Work request: Give back every line of the material below exactly, but no images.

========================================

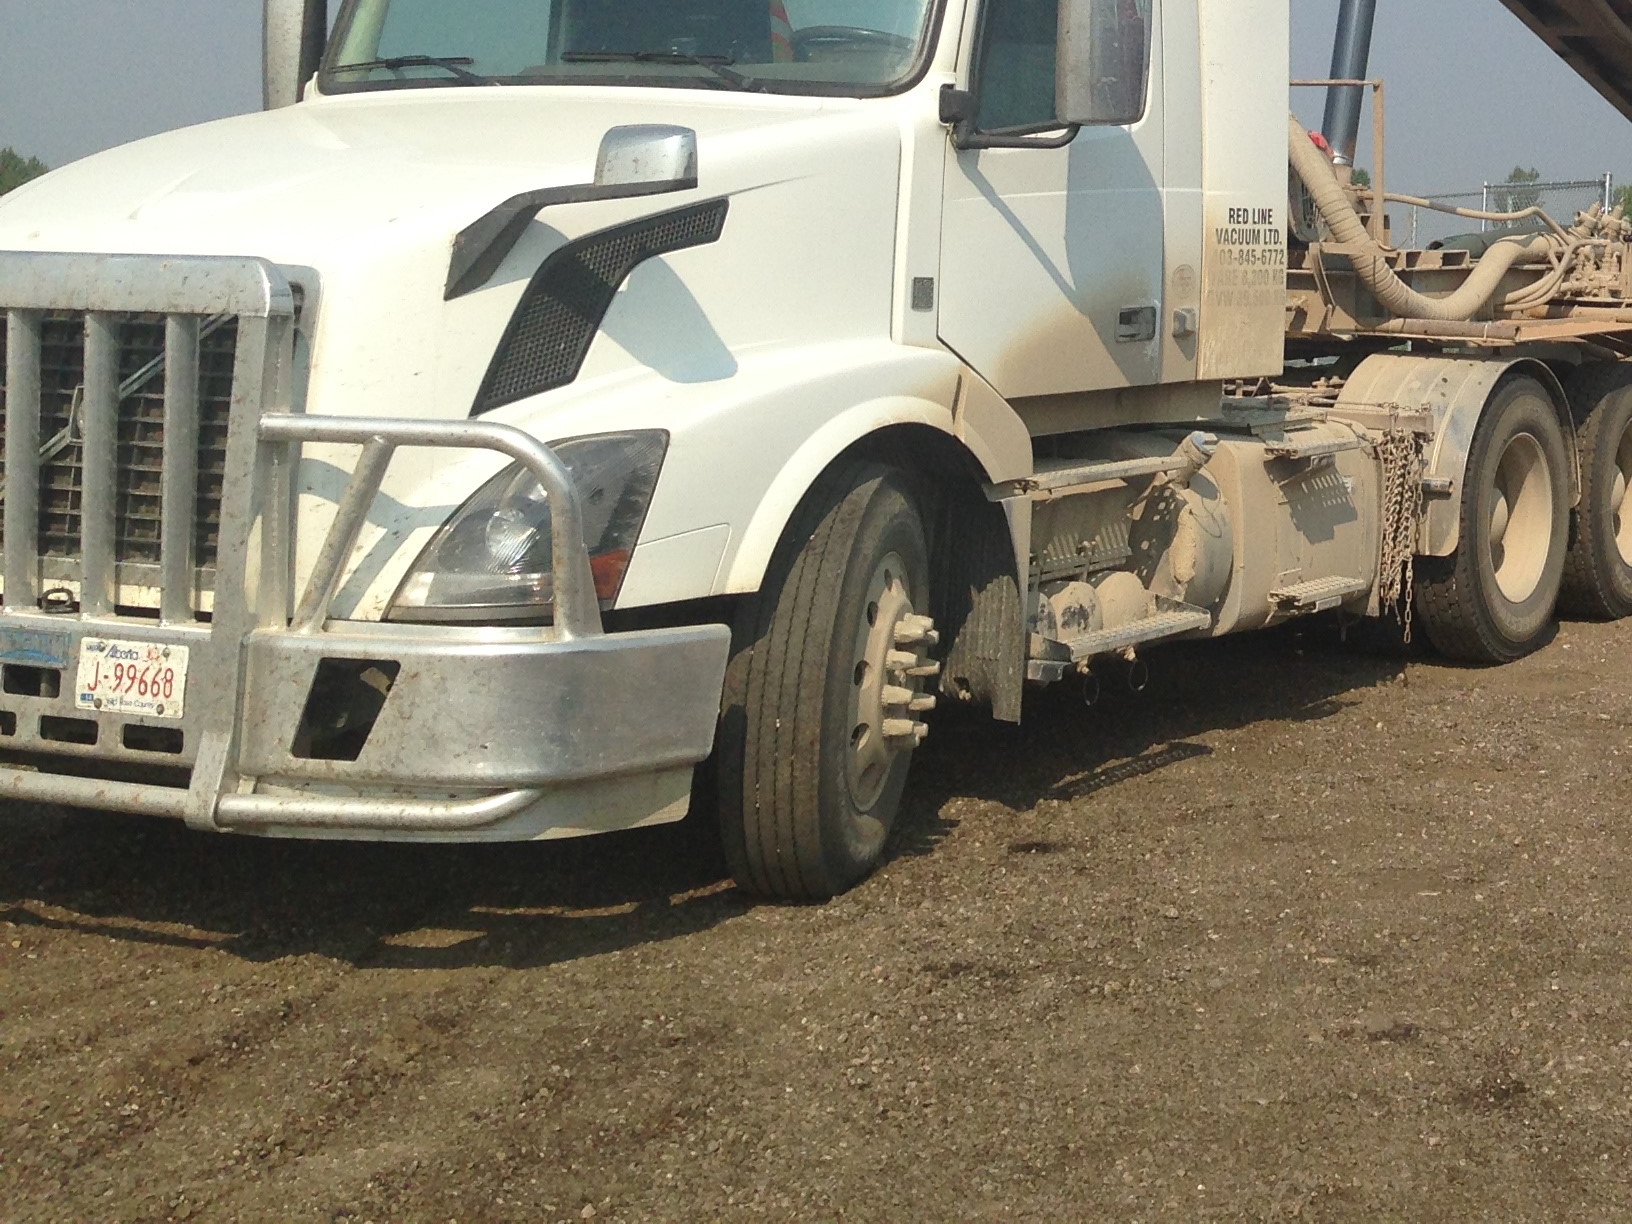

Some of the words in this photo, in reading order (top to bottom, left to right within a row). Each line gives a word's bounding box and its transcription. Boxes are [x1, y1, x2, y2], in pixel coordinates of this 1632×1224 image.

[1228, 207, 1249, 225] RED
[1252, 208, 1273, 225] LINE
[1215, 227, 1260, 245] VACUUM
[1263, 228, 1282, 245] LTD.
[104, 643, 139, 661] Alberta
[87, 661, 175, 699] J-99668

========================================

Answer below:
Some of the words in this photo, in reading order (top to bottom, left to right within a row). Each line gives a word's bounding box and its transcription. Boxes are [x1, y1, x2, y2], in pixel coordinates of this 1632×1224 image.

[1228, 207, 1249, 225] RED
[1252, 208, 1273, 225] LINE
[1215, 227, 1260, 245] VACUUM
[1263, 228, 1282, 245] LTD.
[104, 643, 139, 661] Alberta
[87, 661, 175, 699] J-99668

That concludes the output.